Benchmarking the Linear Scan
SummaryThis section introduces benchmarking to measure linear scan...
This section introduces benchmarking to measure linear scan...
This section introduces benchmarking to measure linear scan performance degradation with increasing data volume. Linear scan, a traversal method accessing all rows sequentially without indexes, exhibits O(N) time complexity, meaning execution time grows linearly with row count. Key technical details include a fixed row size of 36 bytes and page size of 4096 bytes with an 8-byte header, allowing approximately 113 rows per page. A Python 3.12+ benchmarking script demonstrates this by inserting rows (default 10,000) and timing SELECT queries using components like Pager, Table, Row, and VirtualMachine, all leveraging struct and memoryview for binary data manipulation. The results, presented in a table, show estimated select times scaling linearly, e.g., from 0.001 seconds for 1,000 rows to 1.0 second for 1,000,000 rows, illustrating the performance bottleneck. A diagram visually represents the sequential page access during linear scan. The analysis concludes that while linear scan is fundamental, its inefficiency with large datasets motivates the need for tree-based indexing for improved performance.

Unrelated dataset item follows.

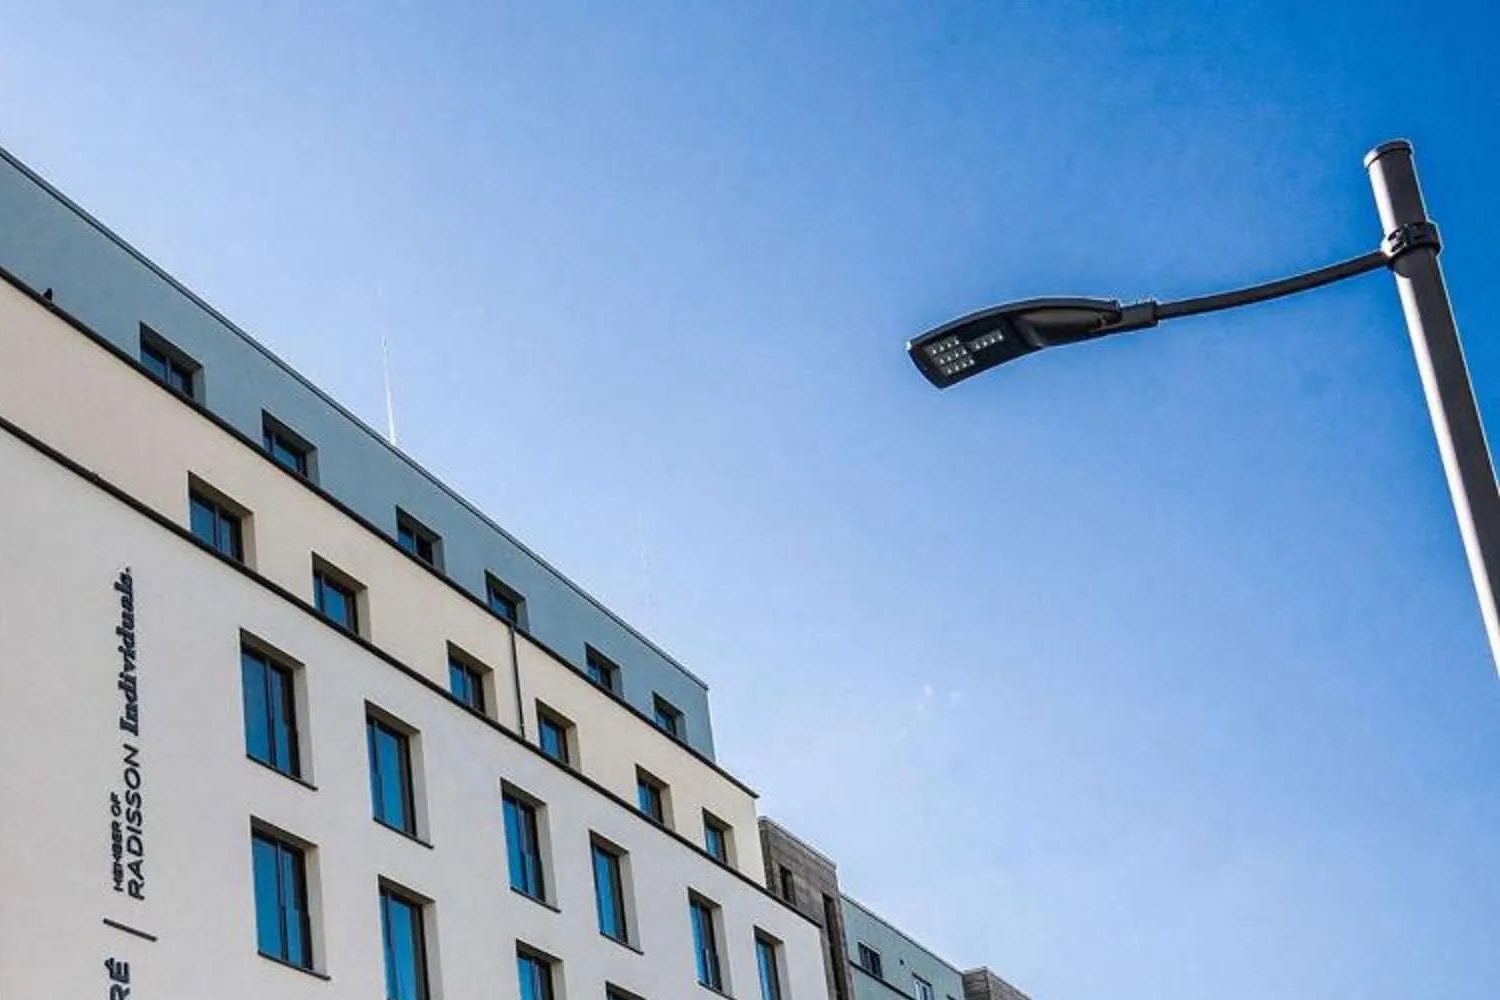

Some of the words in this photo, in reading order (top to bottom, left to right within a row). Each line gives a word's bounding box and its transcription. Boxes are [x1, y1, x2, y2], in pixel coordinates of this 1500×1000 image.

[109, 791, 122, 818] OF
[122, 743, 145, 901] RADISSON
[110, 819, 125, 893] MEMBER
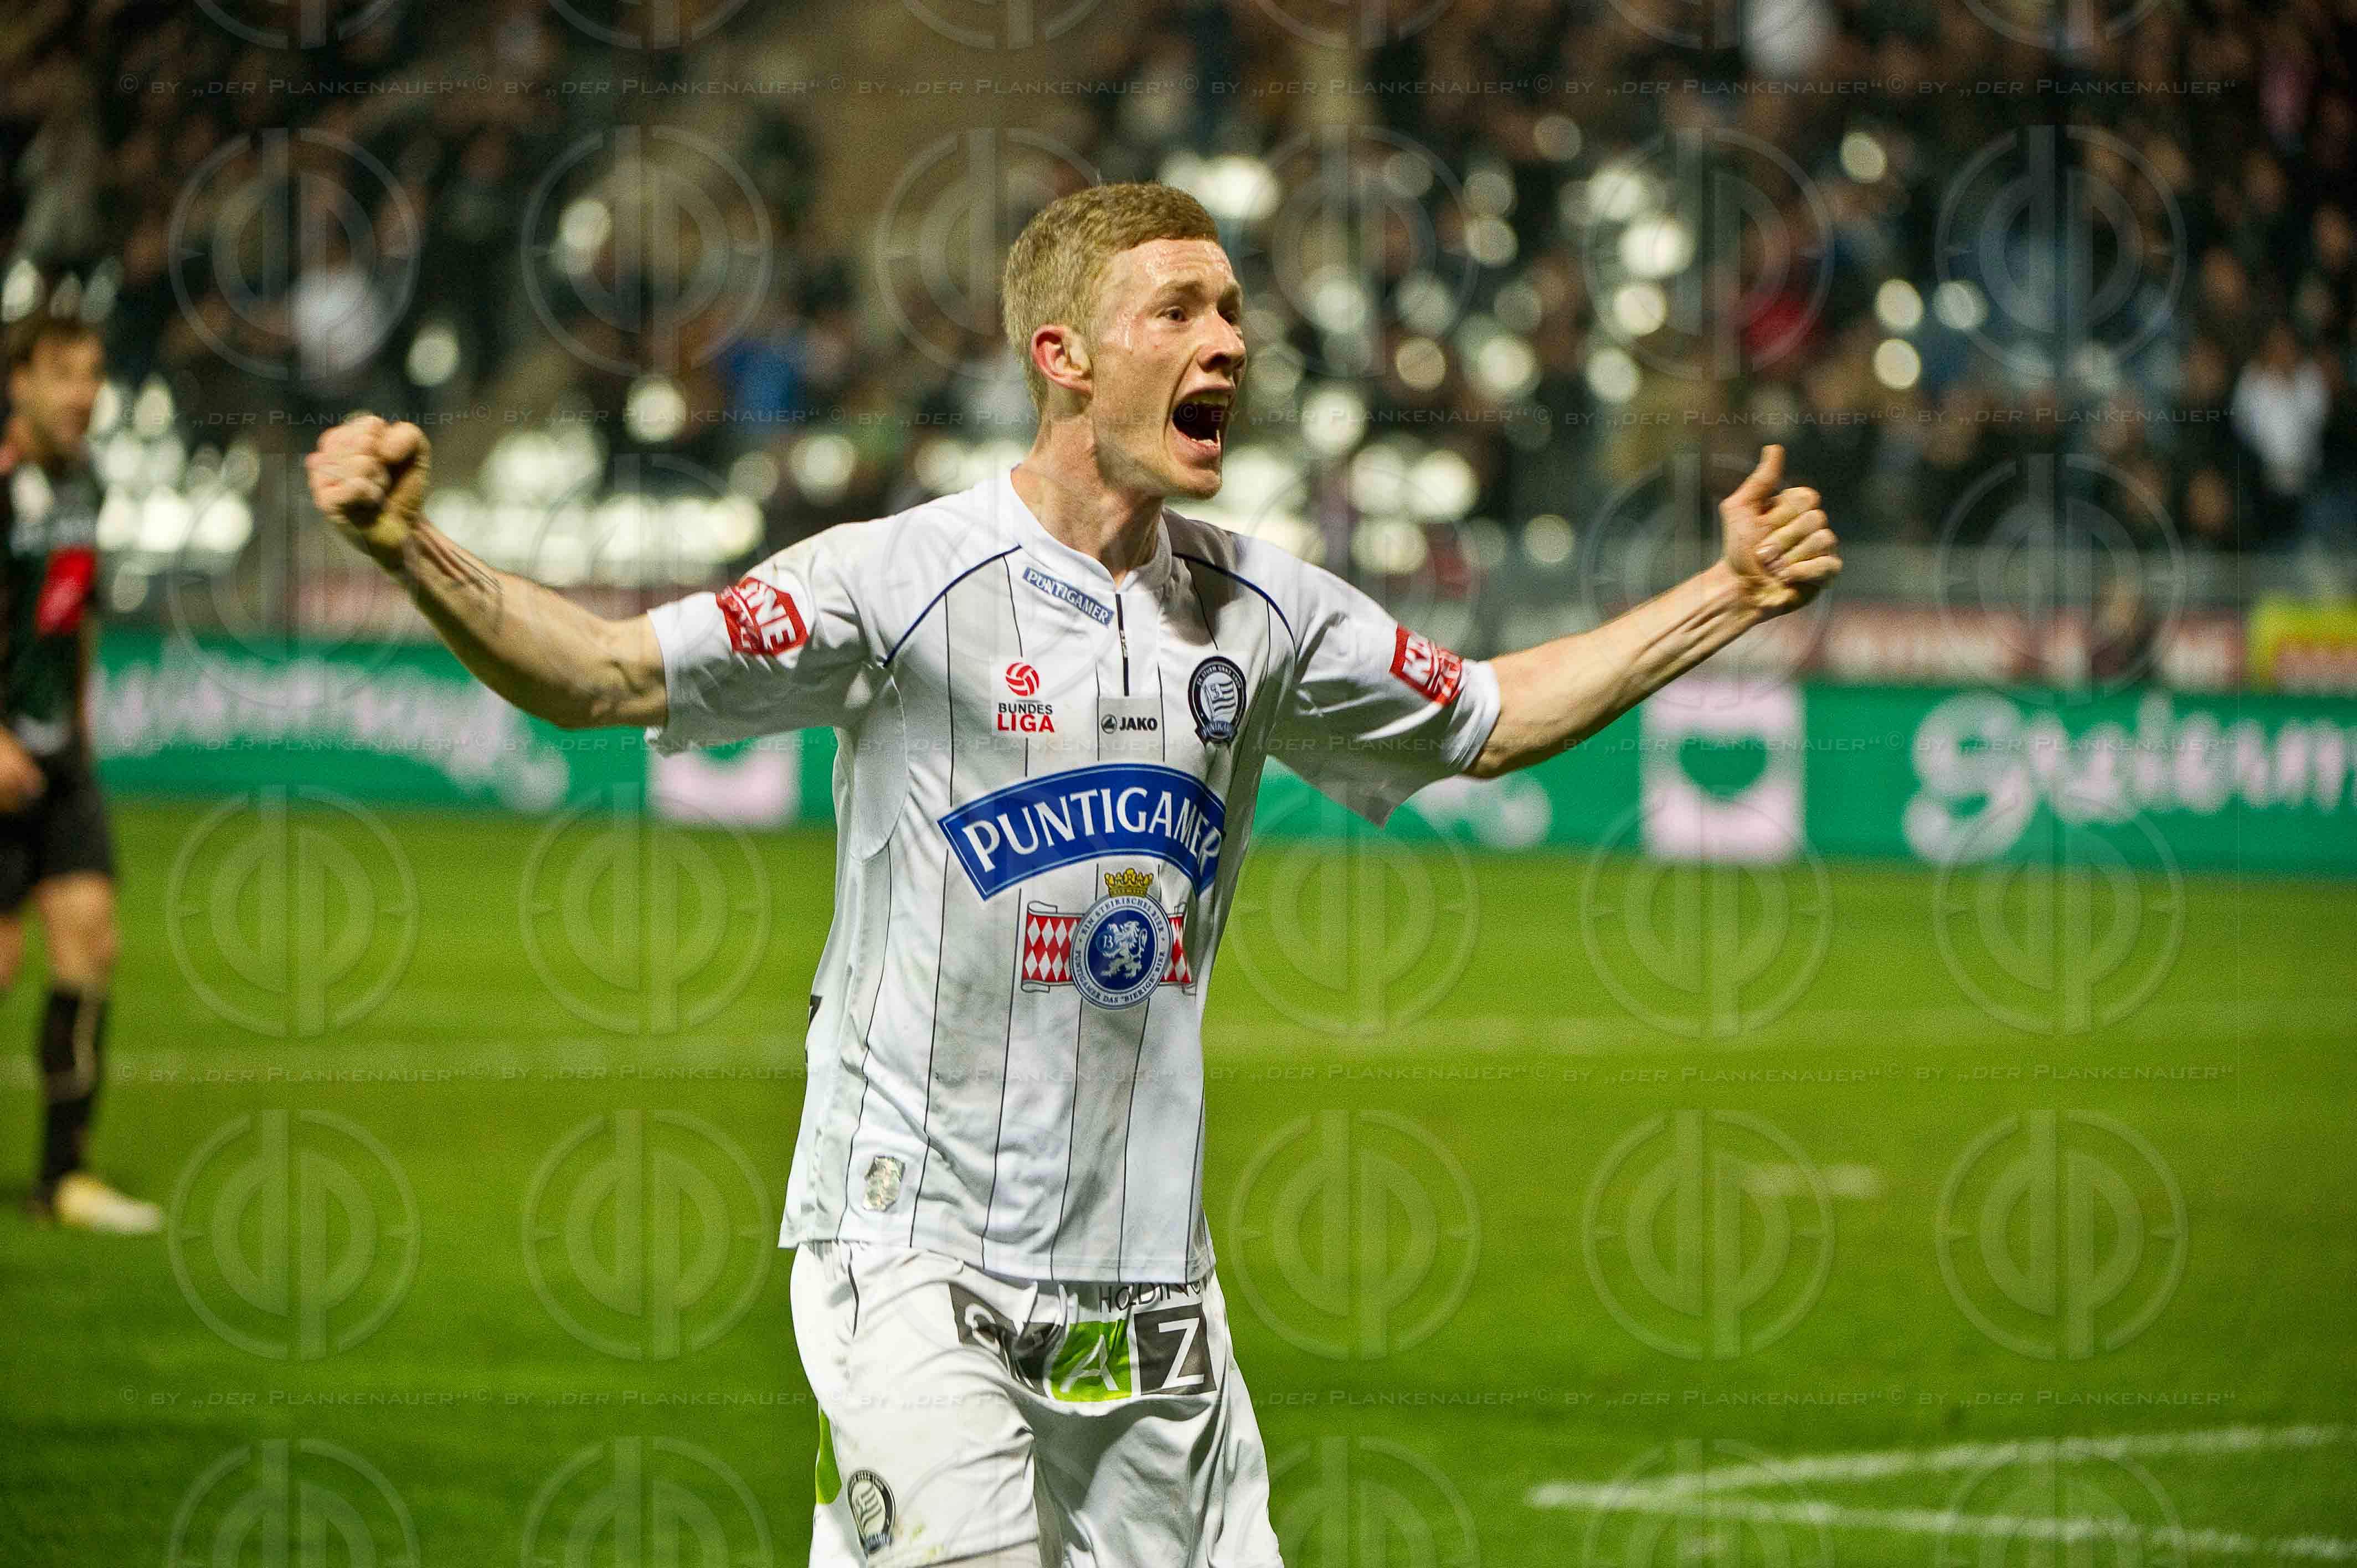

Benchmarking the Linear Scan
We have a working database: insert rows, select them back, persist to disk. But how does it perform? The answer matters because it tells us exactly why we need a B-Tree. Without measuring, the motivation for the next three chapters would be hand-waving. Let’s make it concrete.
The Cost of O(N)
Our execute_select walks every row in sequence. If there are N rows, the cursor calls advance() exactly N times, and each call reads 36 bytes from a page buffer. The complexity is linear: double the rows, double the time.
For a SELECT that returns a single row by id — say, “find user 5000” — linear scan is catastrophic. The database still has to touch all N rows because it does not know where id 5000 lives. There is no index, no sorted order, no shortcut.
Benchmarking Script
The following script inserts a configurable number of rows and then measures how long a full scan takes:
# benchmark.py
import time
from pager import Pager
from table import Table
from vm import VirtualMachine
from row import Row
def benchmark(num_rows: int, db_file: str = ":memory:") -> None:
"""Insert num_rows, then time a full select."""
pager = Pager(db_file)
pager.open()
table = Table(pager)
vm = VirtualMachine(table)
# --- Insert phase ---
t0 = time.perf_counter()
for i in range(num_rows):
vm.execute_insert(i, f"user{i:06d}")
t_insert = time.perf_counter() - t0
# --- Select phase ---
t0 = time.perf_counter()
rows = vm.execute_select()
t_select = time.perf_counter() - t0
assert len(rows) == num_rows
pages_used = (num_rows // 113) + 1
print(
f"Rows: {num_rows:>8,} | "
f"Pages: {pages_used:>5,} | "
f"Insert: {t_insert:.4f}s | "
f"Select: {t_select:.4f}s | "
f"Per-row select: {t_select / num_rows * 1e6:.2f} μs"
)
table.close()
if __name__ == "__main__":
for n in [1_000, 5_000, 10_000, 50_000]:
benchmark(n, f"/tmp/bench_{n}.db")
Expected Results
On a typical machine, the numbers look roughly like this:
| Rows | Pages | Select Time | Per-Row Cost | Speedup Needed for O(log N) |
|---|---|---|---|---|
| 1,000 | 9 | ~0.002 s | ~2 μs | 1× (acceptable) |
| 5,000 | 45 | ~0.010 s | ~2 μs | 5× |
| 10,000 | 89 | ~0.020 s | ~2 μs | 10× |
| 50,000 | 443 | ~0.100 s | ~2 μs | 50× |
| 100,000 | 885 | ~0.200 s | ~2 μs | 100× |
| 1,000,000 | 8,850 | ~2.000 s | ~2 μs | 1,000× |
The per-row cost stays roughly constant (as expected for sequential memory access), so the total time scales linearly. At 1 million rows, a full scan that touches every row takes about 2 seconds. That might be tolerable for analytics, but for a point query — “give me the row where id = 500,000” — spending 1 second to discard 999,999 irrelevant rows is unacceptable.
Visualizing the Scaling
Select time (s)
│
2.0 │ ╱
│ ╱
1.5 │ ╱
│ ╱
1.0 │ ╱
│ ╱
0.5 │ ╱
│ ╱
0.1 │ ╱
│ ╱
└────────────────────────────────────── Rows
0 100K 200K 300K 400K 500K ... 1M
This is a straight line — the textbook signature of O(N). Compare it to what a B-Tree gives us:
- A B-Tree with branching factor 113 (our page capacity) and 1 million rows has a depth of about $\lceil \log_{113}(1{,}000{,}000) \rceil = 3$ levels.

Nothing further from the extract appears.